How a bid set becomes an RFI log
It runs four checks on the structural sheets and drafts the RFIs hiding in the
contradictions. Three checks are plain code. One is a language model doing the judgment a
reviewer would. Code verifies every quote the model cites before you see it.
Scope: the review runs on structural (S) sheets. Other disciplines are
inventoried so references resolve, and are browsable in the viewer, but are not reviewed.
Drawing setvector PDF
↓
Four checks on the structural sheets
2Dangling detail callouts
code + vision model
4Cross-document review
language model
↓ code verifies every quote the model cites
You accept or dismiss each finding
↓
Exported RFI log
The one design rule. The model only does what code
cannot: read labels drawn as pixels, and judge intent across sheets. Everything checkable is
checked by code, and code decides what may be shown. A model claim that fails verification is
demoted on screen, never silently dropped and never shown as confirmed.
Check 1
Dangling referencescode
Catches: a sheet that points to a sheet the set does not contain.

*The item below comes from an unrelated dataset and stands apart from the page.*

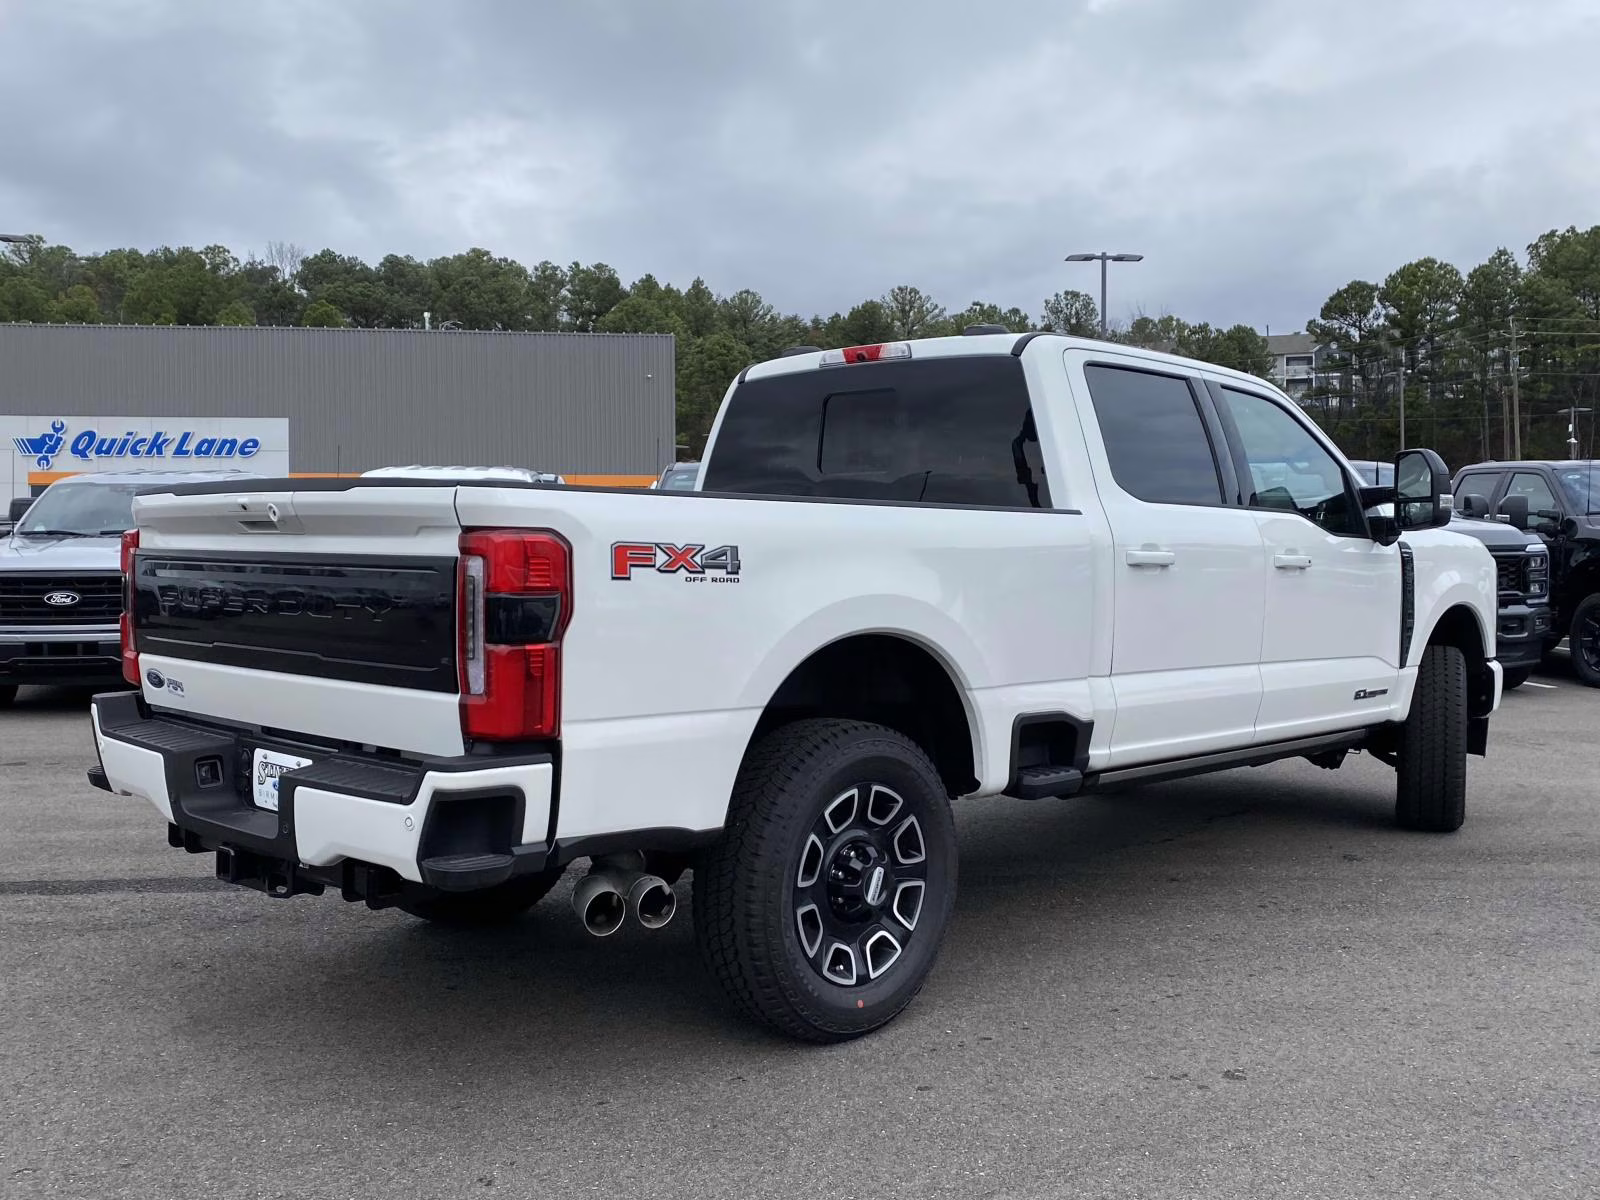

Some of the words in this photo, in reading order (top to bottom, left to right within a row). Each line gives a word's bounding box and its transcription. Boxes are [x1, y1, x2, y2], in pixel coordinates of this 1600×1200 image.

"See S-3.4" when there is no S-3.4. The classic RFI.
Build a table of contents. Scan each page's
title block for its own sheet id, and map that id to its page. The reader handles the
common conventions (S-1.1, S1.1, S101, S01, and building-prefixed 1.S02) and gates out
look-alikes such as the equipment tag UH-2, so they do not pollute the inventory.
Scan all text on every page for sheet
references.
Flag any reference whose sheet is not in the
inventory.
If the inventory is only partial, for title-block layouts the reader cannot parse, the check
abstains and says so on screen, rather than flag those gaps as missing sheets.
code: engine.py (stage_a)
Check 2
Dangling detail calloutscode+ vision model
Catches: a callout to a detail that was never drawn. "See detail E on
S-5.1" when S-5.1 has no detail E.
The convention it reads. The same little bubble, a detail id over a
sheet id, means two different things depending on which sheet it sits on. On a plan sheet,
"E / S-5.1" is a callout: go see detail E, it is drawn on S-5.1. On
S-5.1 itself, "E / S-5.1" is the title: this is detail E. The only
difference is whether the bottom sheet id equals the sheet you are on.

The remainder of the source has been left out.